The world was to be rendered Consisting or formed of land and water, and this was effected by a volcanic convulsion on its surface, the upheaving of some parts, the sinking of others, and the formation of vast hollows, into which the waters quickly rushed, as is graphically described (Psalm 104:6-9).
Thus a large part of the earth was left “dry land,” and thus were formed oceans, seas, lakes, and rivers which, though each having its own bed, or channel, are all connected with the sea.
Genesis 1:9-13 KJV
 And God said, Let the waters under the heaven be gathered together unto one place, and let the dry land appear: and it was so.
 And God called the dry land Earth; and the gathering together of the waters called he Seas: and God saw that it was good.
 And God said, Let the earth bring forth grass, the herb yielding seed, and the fruit tree yielding fruit after his kind, whose seed is in itself, upon the earth: and it was so.
 And the earth brought forth grass, and herb yielding seed after his kind, and the tree yielding fruit, whose seed was in itself, after his kind: and God saw that it was good.
 And the evening and the morning were the third day.
And God said, Let the waters under the heaven be gathered together unto one place, and let the dry land appear: and it was so.
- The gathering of the waters . . . unto one place refers to the seas on the surface of the earth. The result is that land-forms appear. Again, the account does not say how, or how quickly, God does this. It simply happens at His command.
- Now there is a horizontal division made of the waters.
- First the waters above were separated from the waters beneath.
- Now the water is separated from the land, from the earth.
- May I say to you, there is nothing unscientific about this.
- They tell us that every spot on topside of this earth on which we live today was covered with water at one time.
- That was evidently a judgment that had come upon the earth way back sometime in the distant eternity of the past, and we know practically nothing about it.

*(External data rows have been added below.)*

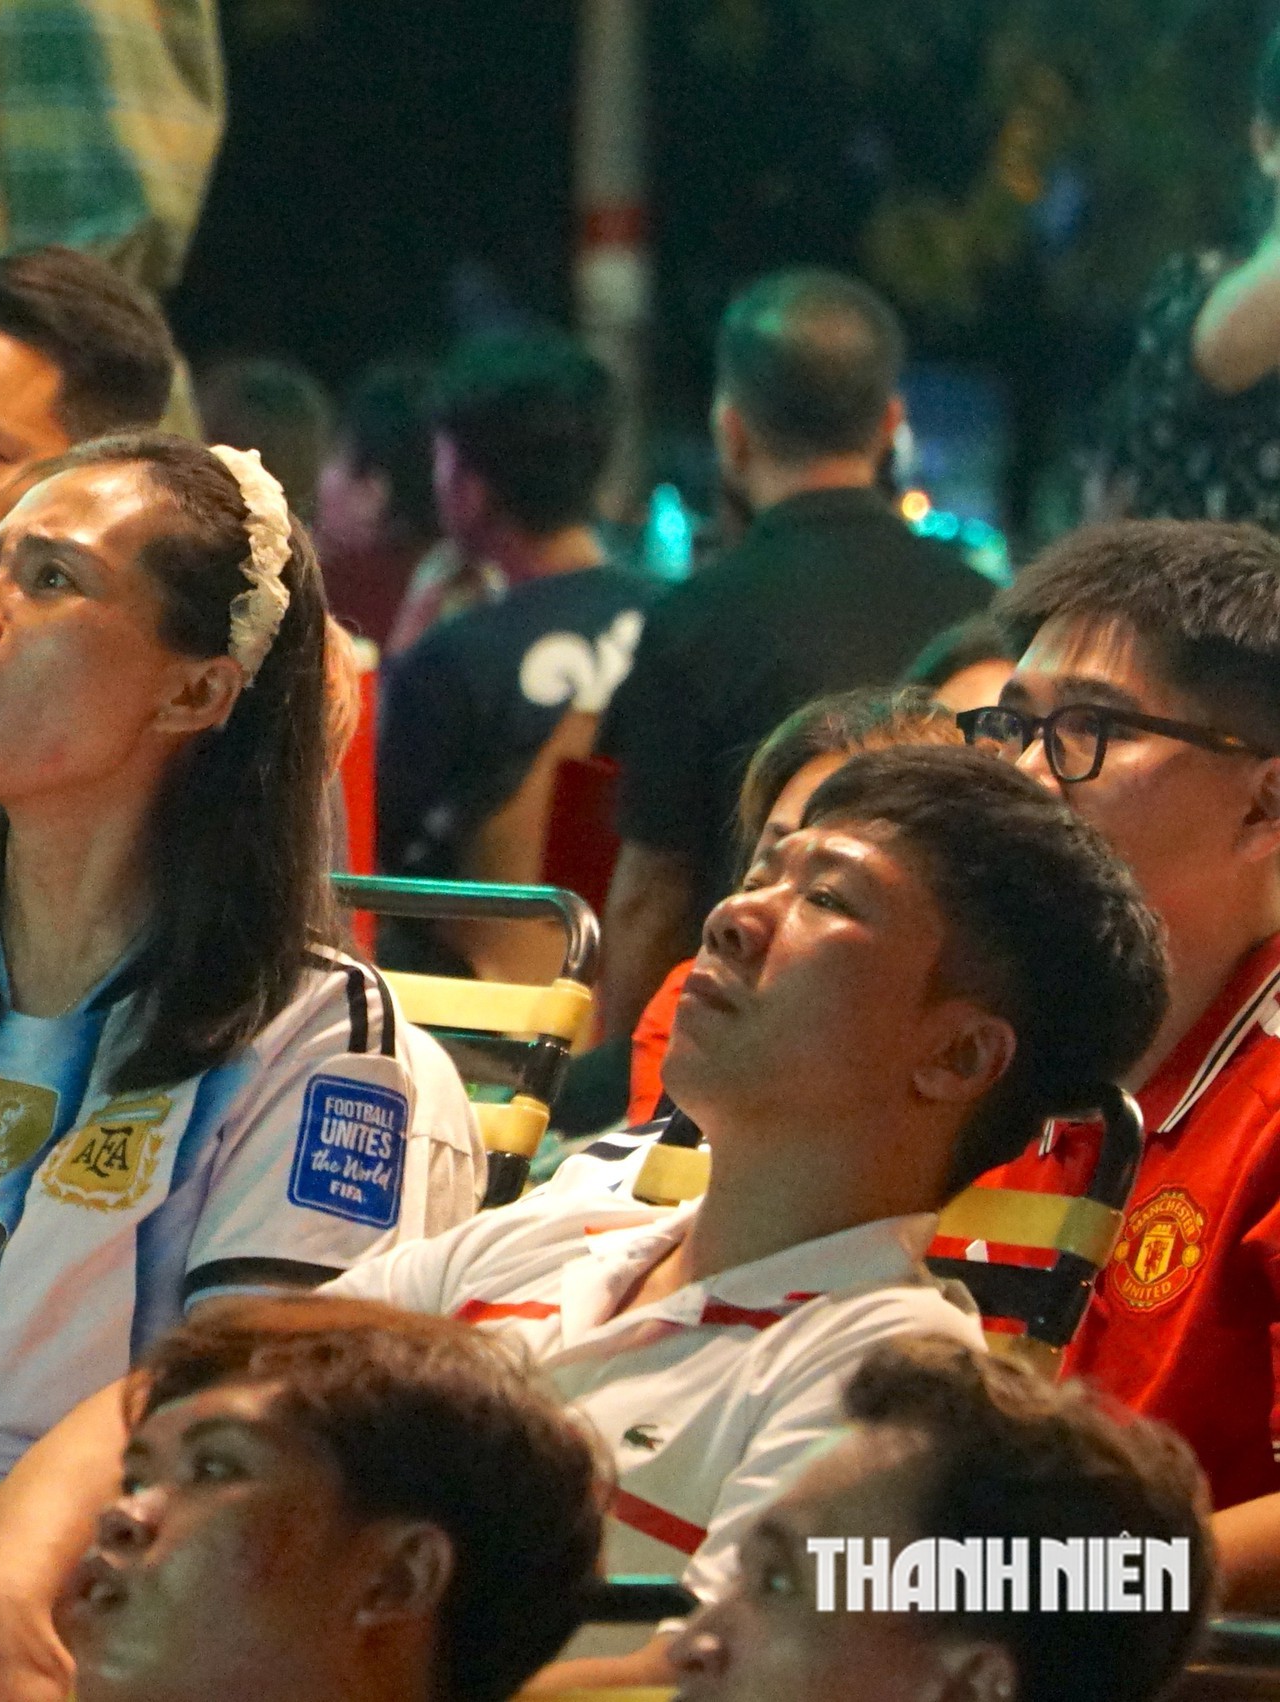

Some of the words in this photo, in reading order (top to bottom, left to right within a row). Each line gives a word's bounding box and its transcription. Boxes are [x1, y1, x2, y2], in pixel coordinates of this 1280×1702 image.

[324, 1097, 394, 1131] FOOTBALL
[72, 1126, 133, 1178] AFA
[320, 1117, 392, 1160] UNITES
[311, 1149, 340, 1173] the
[342, 1155, 392, 1191] World
[329, 1180, 363, 1203] FIFA
[1131, 1200, 1197, 1237] MANCHESTER
[1122, 1279, 1171, 1299] UNITED
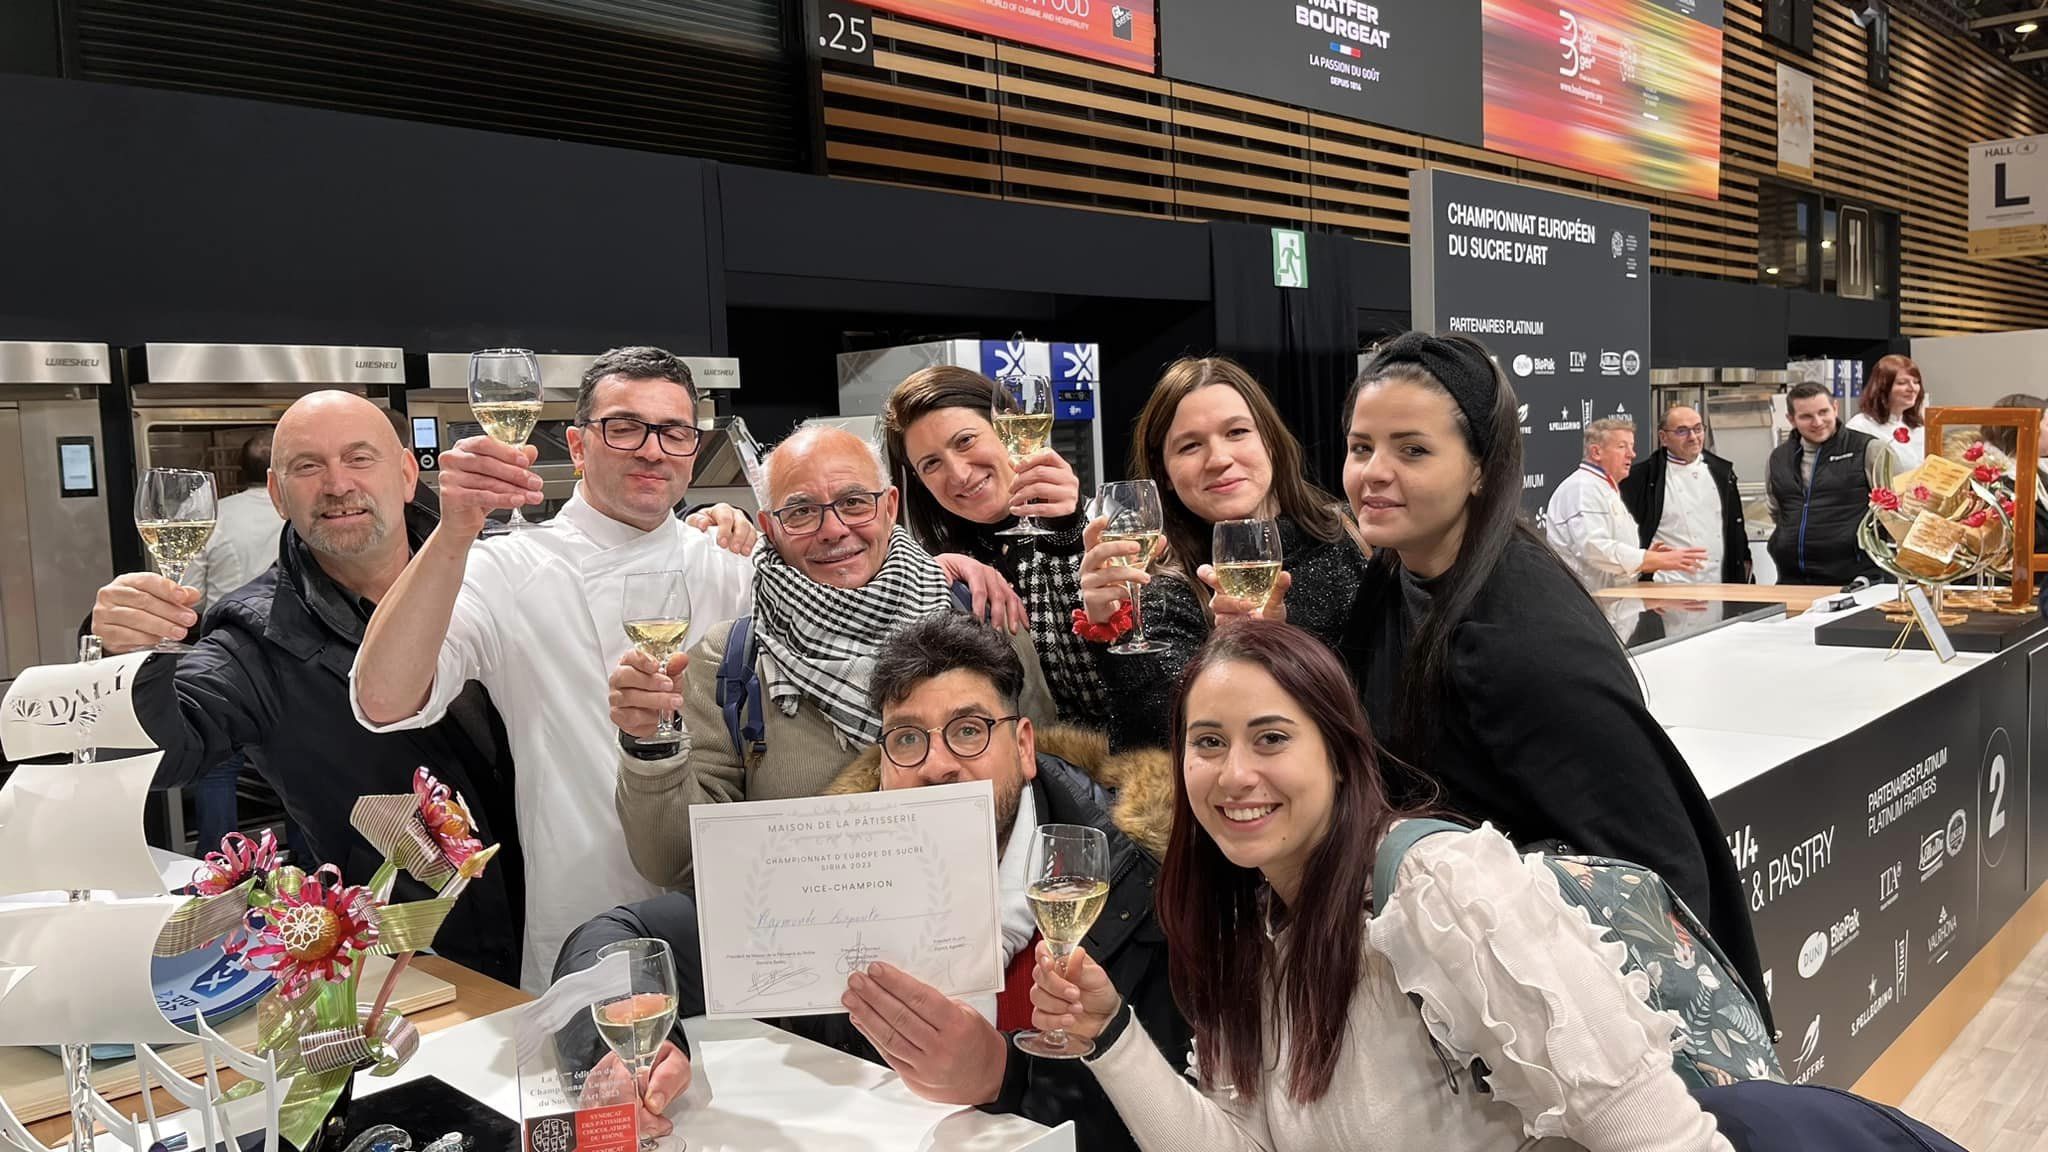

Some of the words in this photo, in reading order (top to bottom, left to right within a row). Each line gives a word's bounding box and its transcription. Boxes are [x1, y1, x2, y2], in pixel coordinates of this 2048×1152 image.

[1296, 5, 1390, 49] BOURGEAT
[1310, 54, 1319, 67] LA
[1320, 57, 1350, 75] PASSION
[1351, 65, 1361, 77] DU
[1362, 67, 1380, 82] GOÛT
[1330, 76, 1350, 88] DEPUIS
[1985, 146, 2013, 158] HALL
[1995, 163, 2030, 208] L
[1448, 202, 1536, 234] CHAMPIONNAT
[1538, 218, 1596, 244] EUROPÉEN
[1449, 234, 1467, 256] DU
[1470, 237, 1513, 262] SUCRE
[1515, 243, 1548, 266] D'ART
[1450, 317, 1505, 334] PARTENAIRES
[1506, 320, 1544, 335] PLATINUM
[45, 357, 99, 367] WIESHEU
[355, 360, 398, 369] WIESHEU
[1523, 473, 1544, 489] MIUM
[1868, 772, 1915, 813] PARTENAIRES
[1916, 746, 1948, 783] PLATINUM
[1868, 798, 1903, 837] PLATINUM
[1903, 775, 1937, 813] PARTNERS
[1988, 754, 2006, 839] 2
[768, 822, 813, 833] MAISON
[818, 820, 831, 830] DE
[836, 819, 850, 828] LA
[855, 812, 917, 827] PÂTISSERIE
[766, 853, 831, 865] CHAMPIONNAT
[882, 849, 892, 857] DE
[896, 846, 924, 856] SUCRE
[1751, 870, 1765, 911] &
[1768, 825, 1834, 901] PASTRY
[801, 879, 893, 894] VICE-CHAMPION
[1830, 907, 1860, 948] BioPak
[1803, 942, 1823, 968] DUNI
[1851, 986, 1893, 1037] S.PELLEGRINO

- Anything we say is speculation. God has really told us very little here. But He has told us enough so that we can believe Him, that’s all.
And God called the dry land Earth; and the gathering together of the waters called He Seas: and God saw that it was good.
- One of the deities of the ancient world was Yam, a name equivalent to the Hebrew word for seas.
- The verse before us stands in sharp contrast with such a myth as it credits the one, true God as Creator of the seas.
- The seas are simply inanimate water, neither sentient nor divine.
- “God called the dry land Earth.” What is He getting ready to do?
- Well, it looks like He is getting ready to make a place where He can put man, a place that is habitable.
- Man is not a water creature, even though there are evolutionists who think we came from the sea and from seaweed, as we mentioned, and others who think we came out of a slop bucket!
- How absurd can they possibly be?
And God said, Let the earth bring forth grass, the herb yielding seed, and the fruit tree yielding fruit after his kind, whose seed is in itself, upon the earth: and it was so.
- Various kinds of plant life appear.
- This continues the preparation of the earth for human habitation, for now there is renewable sustenance of the earth necessary for survival of humans and animals.
- Now God is putting plant life here because man, until the Flood, was a vegetarian. Man will eat nothing but fruit and nuts.
- The bare soil was clothed with lush green vegetation, and it is noticeable that the trees, plants, and grasses – the three great divisions of the vegetable kingdom here mentioned – were not called into existence in the same way as the light and the air.
- They were made to grow, and they grew as they do still out of the ground – not, however, by the slow process of vegetation, but through the divine power, without rain, dew, or any process of labor – sprouting up and flourishing in a single day.
- The forming of the plant life completed the third day.
And the earth brought forth grass, and herb yielding seed after his kind, and the tree yielding fruit, whose seed was in itself, after his kind: and God saw that it was good.
- The phrase after his kind is important and remarkable in indicating that watermelon seeds result in watermelons, etc. If we pause to consider the consistency of this, it is remarkable yet today.
And God saw that it was good. And the evening and the morning were the third day.
- The account of the third day concludes with a refrain found throughout the first chapter of Genesis: God approves of what He has created.